La ragazza fu fatta stendere.
“Gli uomini si voltino!” gridò deciso il medico. Sapeva il fatto suo, pensarono.
“Mio Dio... ” enunciò.
“Mio Dio? Perché mio dio?” chiese ansioso Heath.
“Non si preoccupi suo figlio è in buone mani”.
“Perché dice questo?”
“Non è suo figlio” corresse Stacy. L’interesse dei presenti stava diventando palpabile.
“Si sente la testa. Sta uscendo”.
“Ma non è possibile! Cazzo, cazzo, cazzo!” sbraitò Stacy.
“Non si preoccupi, non è il primo bimbo che faccio nascere. Ok, è il primo che tiro fuori dentro una metropolitana ma non è così grave. Deve solo respirare a fondo e quando sente di dover spingere, spinga”.
“Ma non sarà pericoloso?” chiese Heath
“Tranquillo” ammiccò. Era gay, era bello, era un dottore. Heath era già innamorato perso.
E lo fu ancora di più quando lo vide sporco di sangue dalla testa ai piedi, tenere tra le mani un frugoletto poco più grande di un bambolotto.
“Complimenti signora, proprio una bella bambina” tutta la metro si congratulò tanto con Stacy, tanto con l’intrepido dottore. Nell’ora successiva furono condotti fuori.

La nascita di Vanilla fu un vero evento. Ogni emittente televisiva, radiofonica, giornale e qualsiasi altro mezzo di comunicazione ne parlò. Finì persino nella home di Yahoo!
“Donna di ventisette anni partorisce dentro alla metropolitana in avaria” annunciò a gran voce Liam Spencer. “E sapete chi ha permesso questo miracolo? Niente di meno che il mio meraviglioso boyfriend” Jake Keane si ritrovò la bocca tappata da un bacio. Un lungo bacio che significava congratulazioni.
Il direttore della Emilton Life era su di giri. E non era da lui trattandosi di un tipo taciturno, pure un po’ orso. E non gli piaceva mostrare simili manifestazioni d’affetto davanti a chicchessia. Ma gli era piaciuta l’idea di festeggiare il suo ginecologo eroe. Aveva organizzato un piccolo party nel suo attico a Park Avenue.
Non amava pavoneggiarsi quando portava a termine un grosso affare come ad esempio tre mesi prima quando era riuscito nell’impresa di acquistare a prezzo stracciato un’altra industria farmaceutica caduta in disgrazia.
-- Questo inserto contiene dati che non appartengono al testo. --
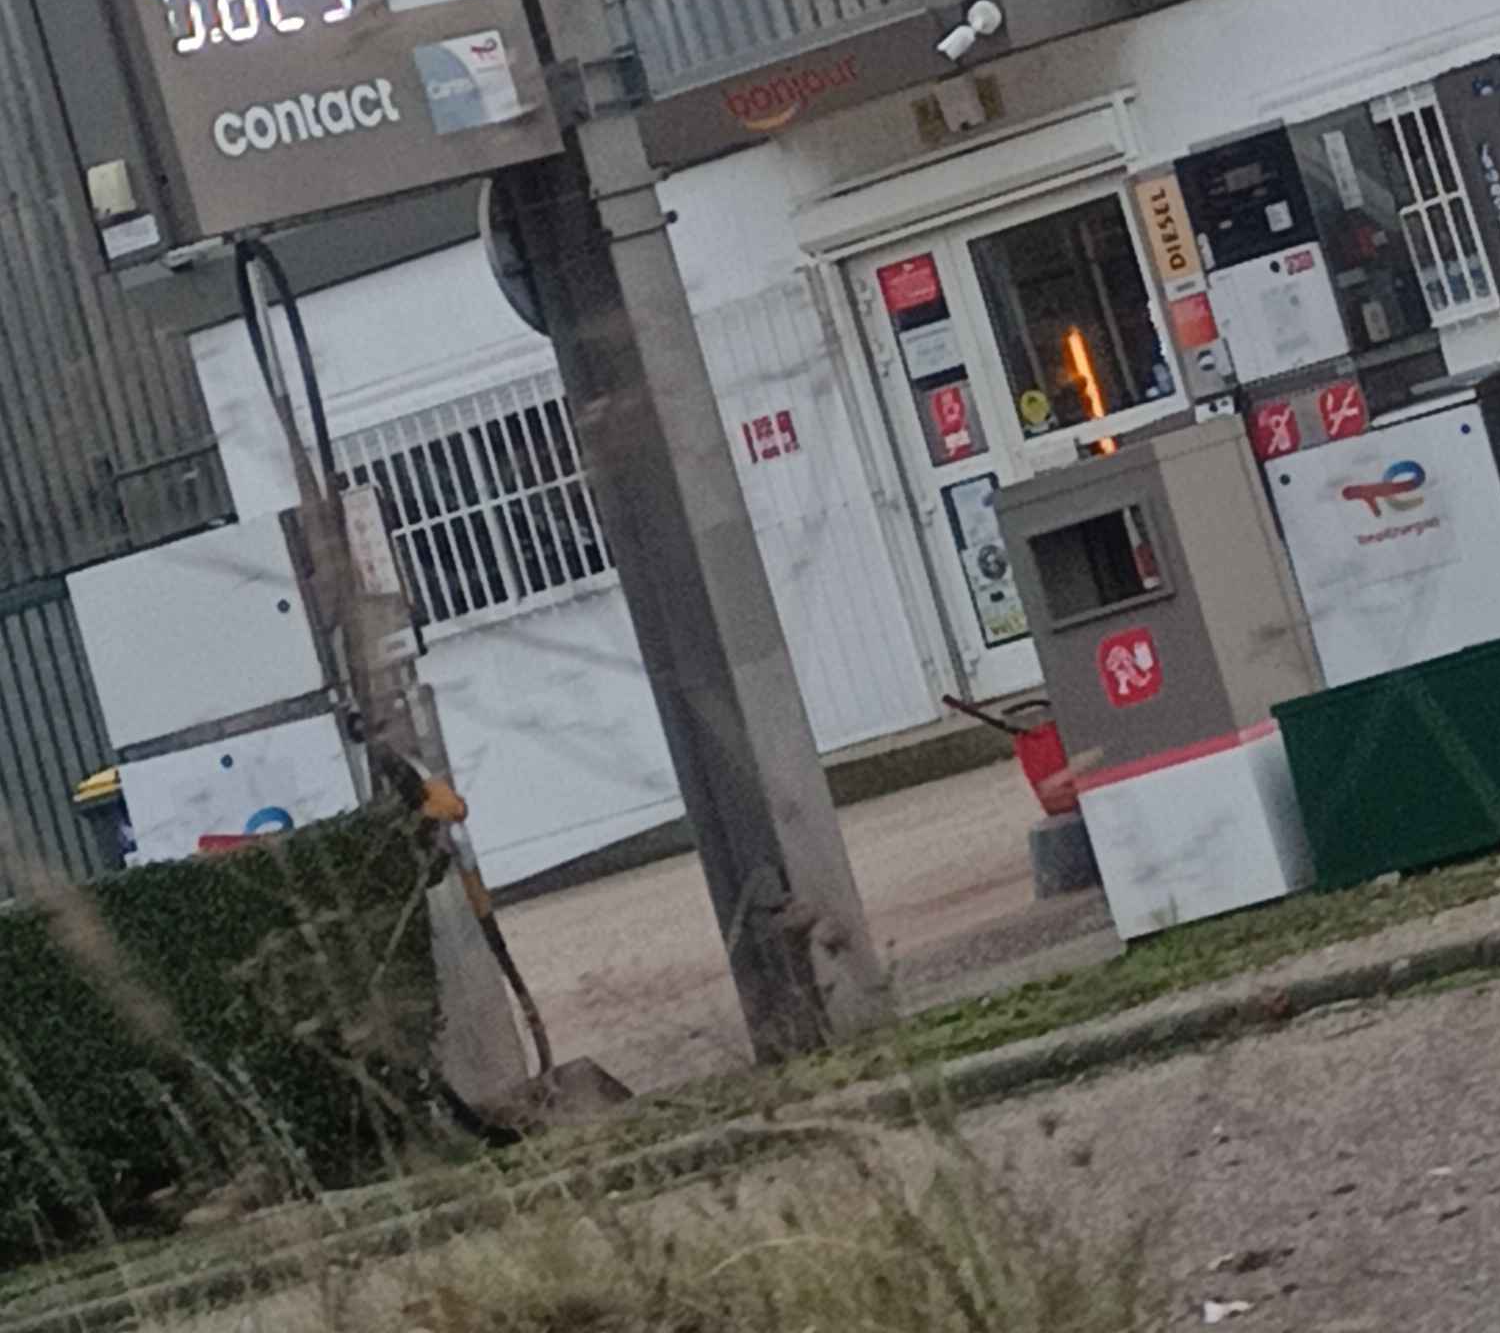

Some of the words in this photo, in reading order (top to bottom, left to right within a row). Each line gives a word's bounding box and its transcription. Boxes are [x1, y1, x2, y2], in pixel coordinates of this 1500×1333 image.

Era un asso negli affari Mr. Spancer. Ed era per merito dalla sua passione che gli riusciva facile qualsiasi impresa. Ma quel giorno era Jake al centro dell’attenzione, per un motivo di gran lunga più nobile. Aveva salvato due vite.
Prima della nascita di Vanilla avvenuta in 5 Marzo del 2008 in metropolitana, Jake e Liam stavano insieme da dodici anni, 4 mesi e ventuno giorni. Era, come si usa dire, una coppia consolidata. Tra loro c’era una certa differenza di età quantificabile in diciotto anni anche se, ufficialmente, erano solo tredici. Questo perché quando si erano fidanzati Liam era il suo professore di chimica e Jake uno studentello quindicenne. Jake era talmente abituato a dire che aveva trentadue anni da aver dimenticato la sua vera età. Avrebbe finito per invecchiare prima, temeva, ma il risultato era che tutti gli dicevano che se li portava alla grande.
Dopo essersi congratulati con lui gli impiegati della Hemilton e amici vari tornarono ai loro drink e alle loro chiacchiere.
“Sei contento?”.
“Sono un po’ stufo”.
“Dovresti goderti tutta questa notorietà, hai lo studio sempre pieno zeppo ultimamente, no?”.
“Già, fantastico, ormai non ho più nemmeno il tempo di dormire”.
“Sei un eroe, quelle donne si fidano di te”.
“Chiunque lo avrebbe fatto al mio posto”.
“Scherzi? Non fare il modesto” E diede una forte pacca sulla spalla al suo fidanzato. Dopo di ché tornò a parlare con Patricia Weber, il suo vicedirettore.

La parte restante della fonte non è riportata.